▶ YOUR INSTRUCTIONS: An image-free, word-for-word version of the records below is to be returned.

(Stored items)
__________________________________________________

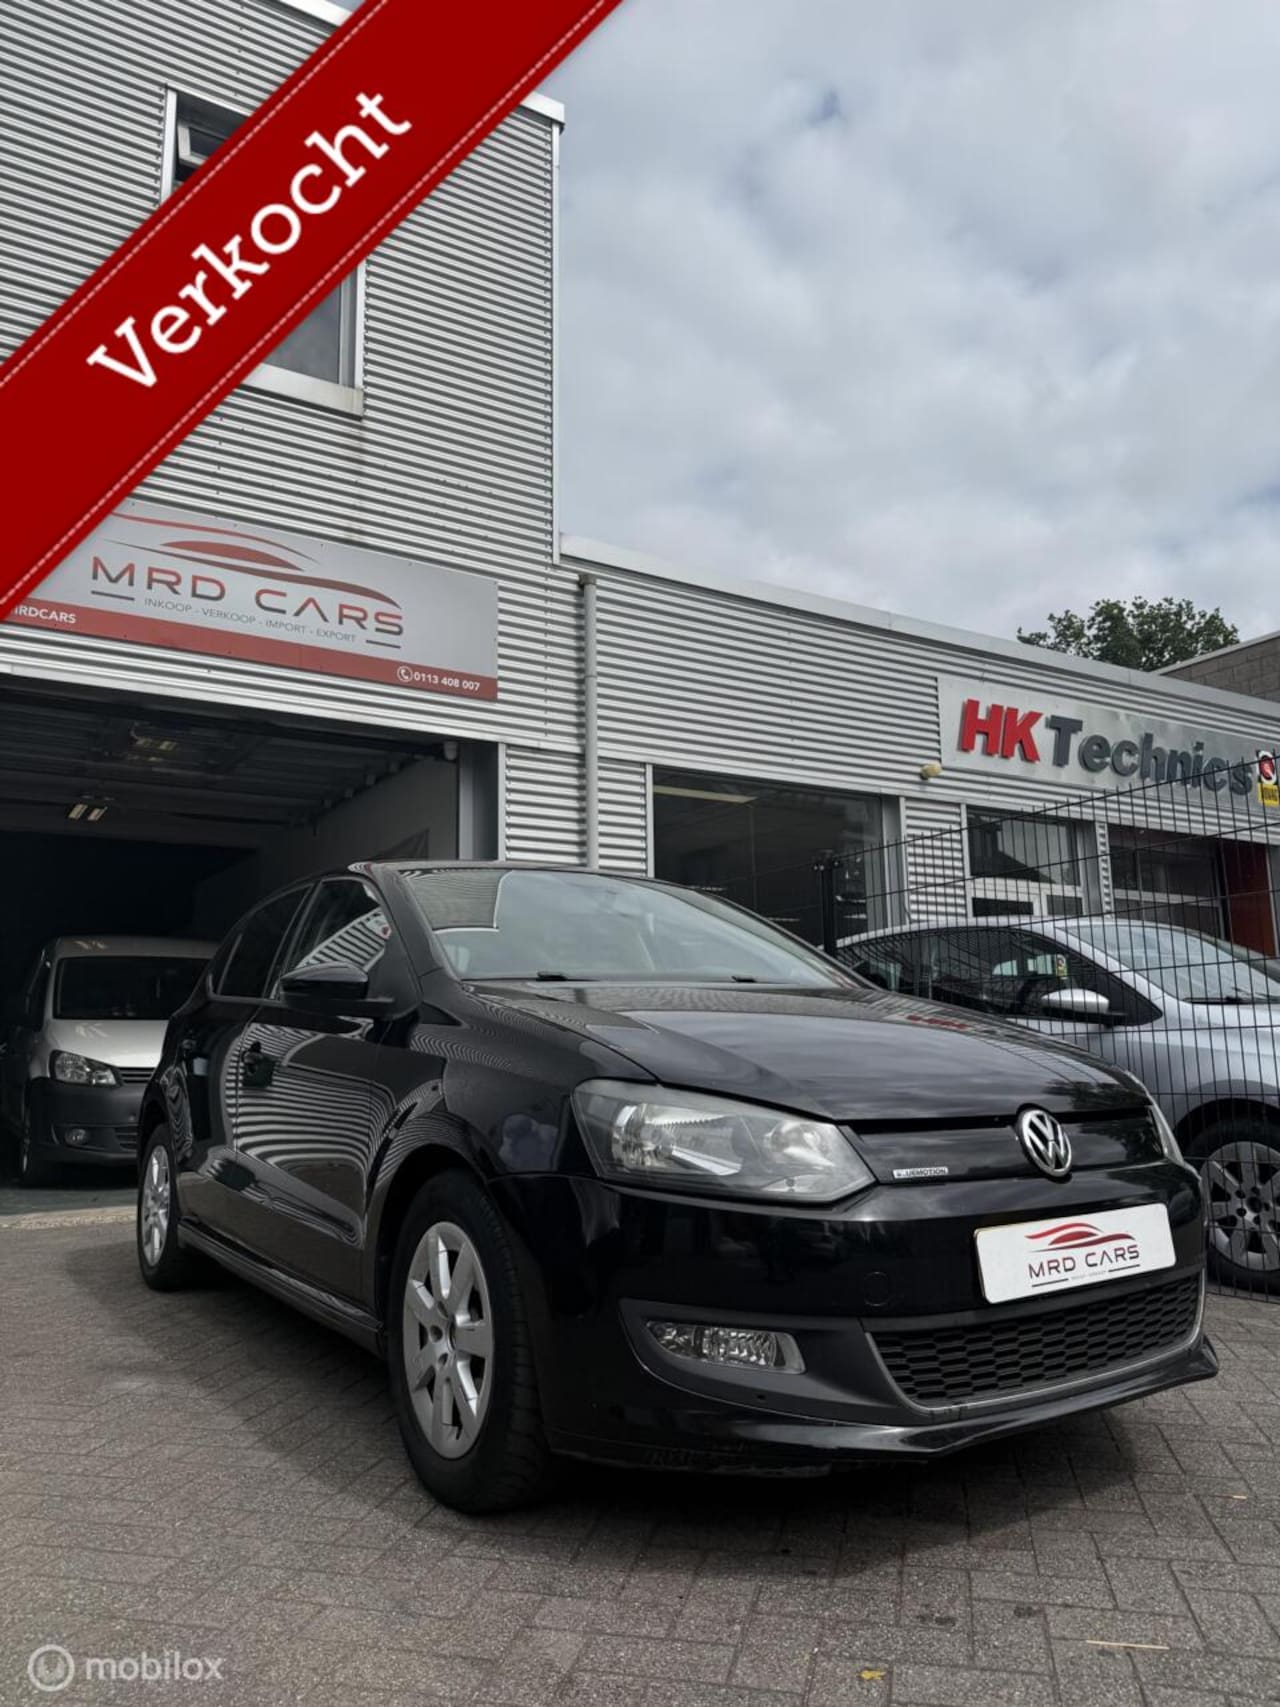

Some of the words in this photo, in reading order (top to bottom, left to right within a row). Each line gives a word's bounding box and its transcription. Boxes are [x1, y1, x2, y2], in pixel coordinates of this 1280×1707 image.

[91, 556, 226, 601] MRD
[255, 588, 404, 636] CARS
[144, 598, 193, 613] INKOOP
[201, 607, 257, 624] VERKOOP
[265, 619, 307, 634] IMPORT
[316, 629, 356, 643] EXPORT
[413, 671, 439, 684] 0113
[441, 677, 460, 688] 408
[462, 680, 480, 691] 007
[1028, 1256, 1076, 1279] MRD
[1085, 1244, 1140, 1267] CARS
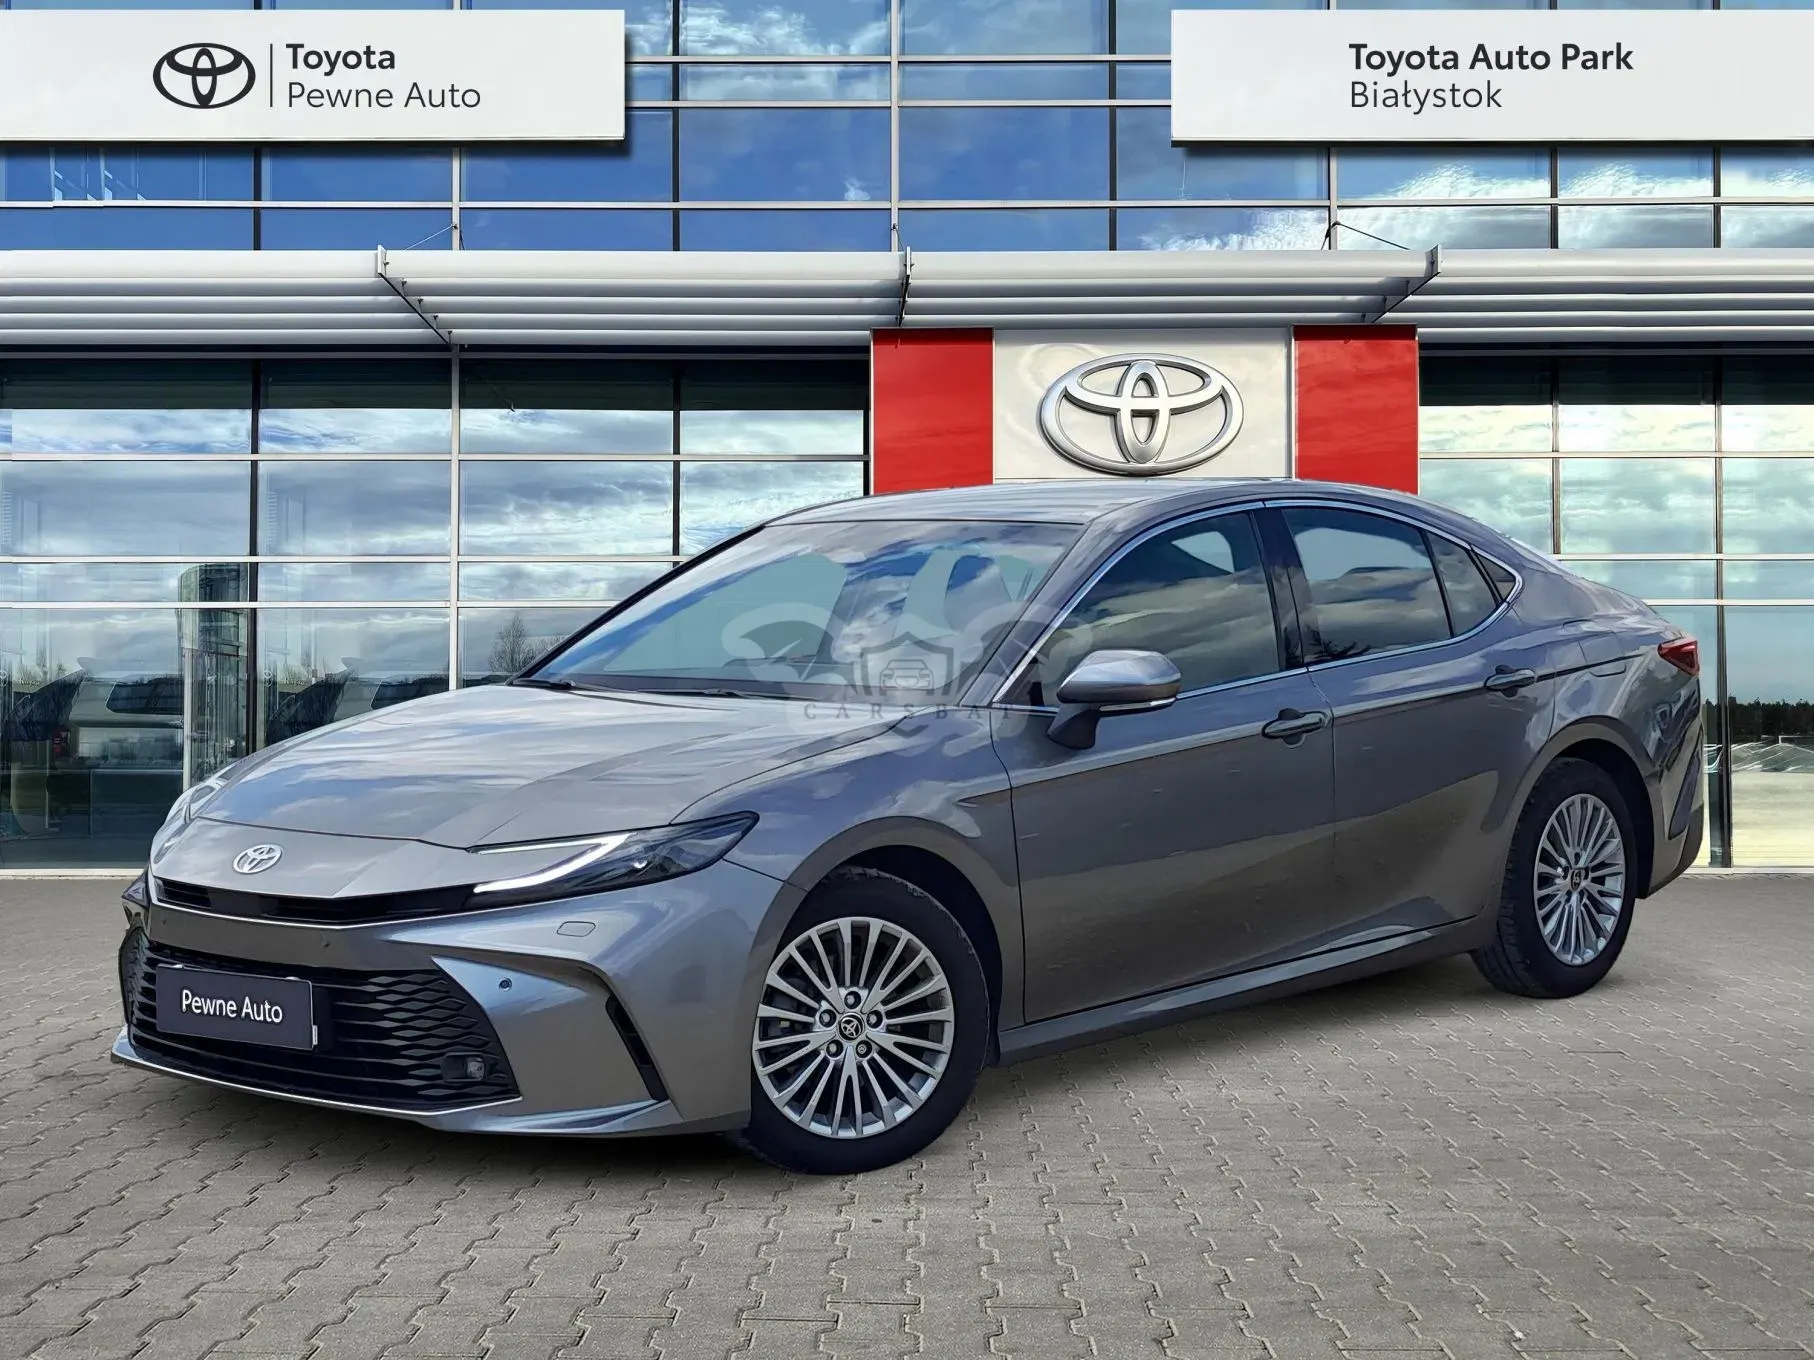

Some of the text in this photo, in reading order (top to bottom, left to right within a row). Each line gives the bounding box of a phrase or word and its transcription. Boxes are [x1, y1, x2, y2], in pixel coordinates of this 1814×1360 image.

__________________________________________________

▶ OUTPUT OF THE TASK:
Some of the words in this photo, in reading order (top to bottom, left to right within a row). Each line gives a word's bounding box and its transcription. Boxes are [x1, y1, x2, y2], in pixel coordinates of this 1280×1707 image.

[91, 556, 226, 601] MRD
[255, 588, 404, 636] CARS
[144, 598, 193, 613] INKOOP
[201, 607, 257, 624] VERKOOP
[265, 619, 307, 634] IMPORT
[316, 629, 356, 643] EXPORT
[413, 671, 439, 684] 0113
[441, 677, 460, 688] 408
[462, 680, 480, 691] 007
[1028, 1256, 1076, 1279] MRD
[1085, 1244, 1140, 1267] CARS

Some of the text in this photo, in reading order (top to bottom, left to right within a row). Each line gives the bounding box of a phrase or word and its transcription. Boxes are [x1, y1, x2, y2], in pixel coordinates of this 1814×1360 image.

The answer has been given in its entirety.